-------- PROVIDED DATA

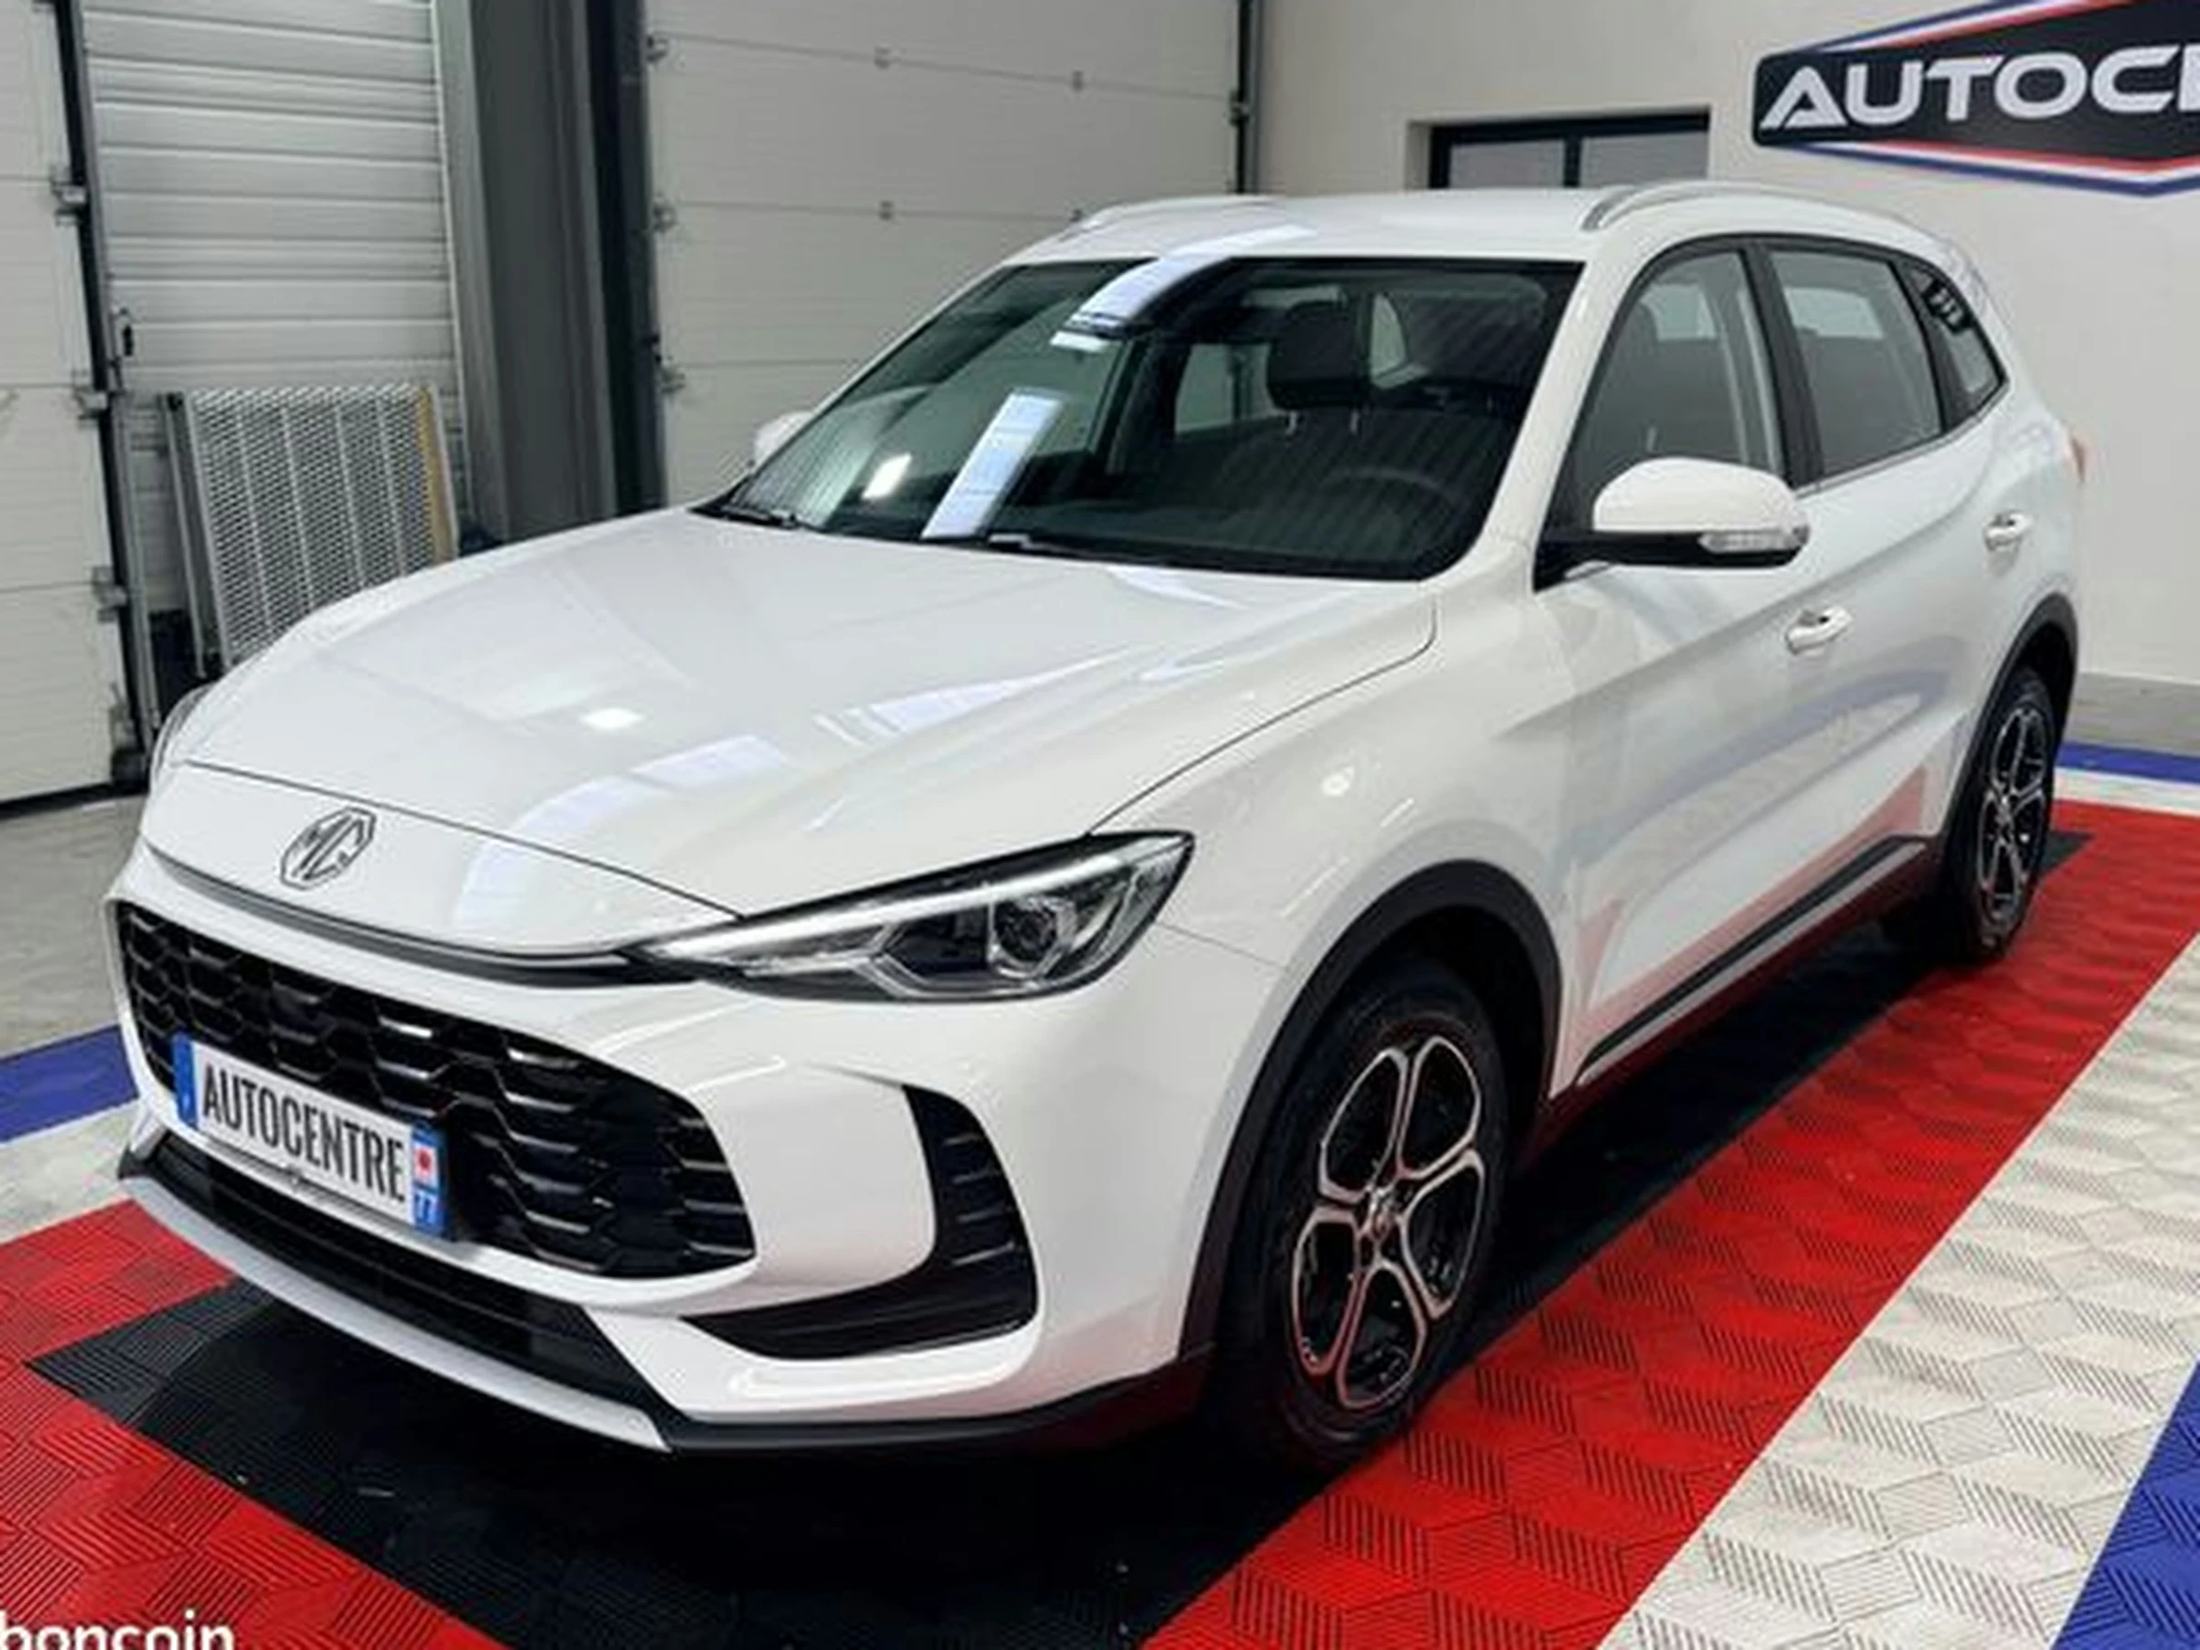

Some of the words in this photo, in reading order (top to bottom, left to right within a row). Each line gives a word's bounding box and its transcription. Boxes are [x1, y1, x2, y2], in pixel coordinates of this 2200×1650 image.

[1759, 46, 2200, 131] AUTOC
[285, 811, 367, 883] MG
[203, 1062, 405, 1202] AUTOCENTRE
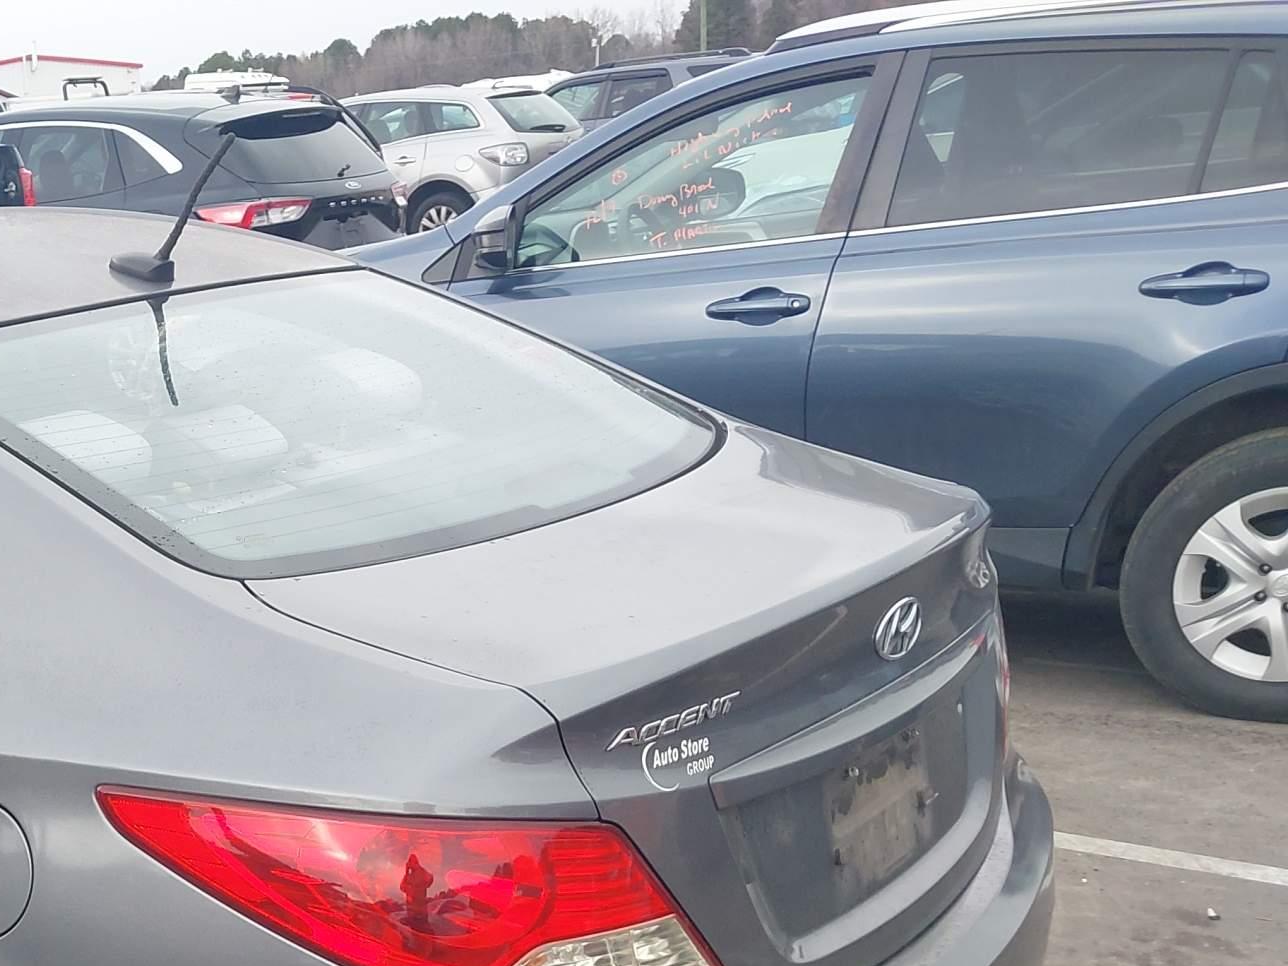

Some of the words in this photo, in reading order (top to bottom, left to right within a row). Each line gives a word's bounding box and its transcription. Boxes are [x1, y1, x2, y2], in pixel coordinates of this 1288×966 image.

----------------

**EXERCISE DIRECTIONS**
Copy out every entry exactly as written, but not the pictures.

**SOLUTION TO THIS TASK**
Some of the words in this photo, in reading order (top to bottom, left to right within a row). Each line gives a word's bounding box and its transcription. Boxes are [x1, y1, x2, y2], in pixel coordinates of this 2200×1650 image.

[1759, 46, 2200, 131] AUTOC
[285, 811, 367, 883] MG
[203, 1062, 405, 1202] AUTOCENTRE

Some of the words in this photo, in reading order (top to bottom, left to right within a row). Each line gives a word's bounding box and its transcription. Boxes are [x1, y1, x2, y2], in pixel coordinates of this 1288×966 image.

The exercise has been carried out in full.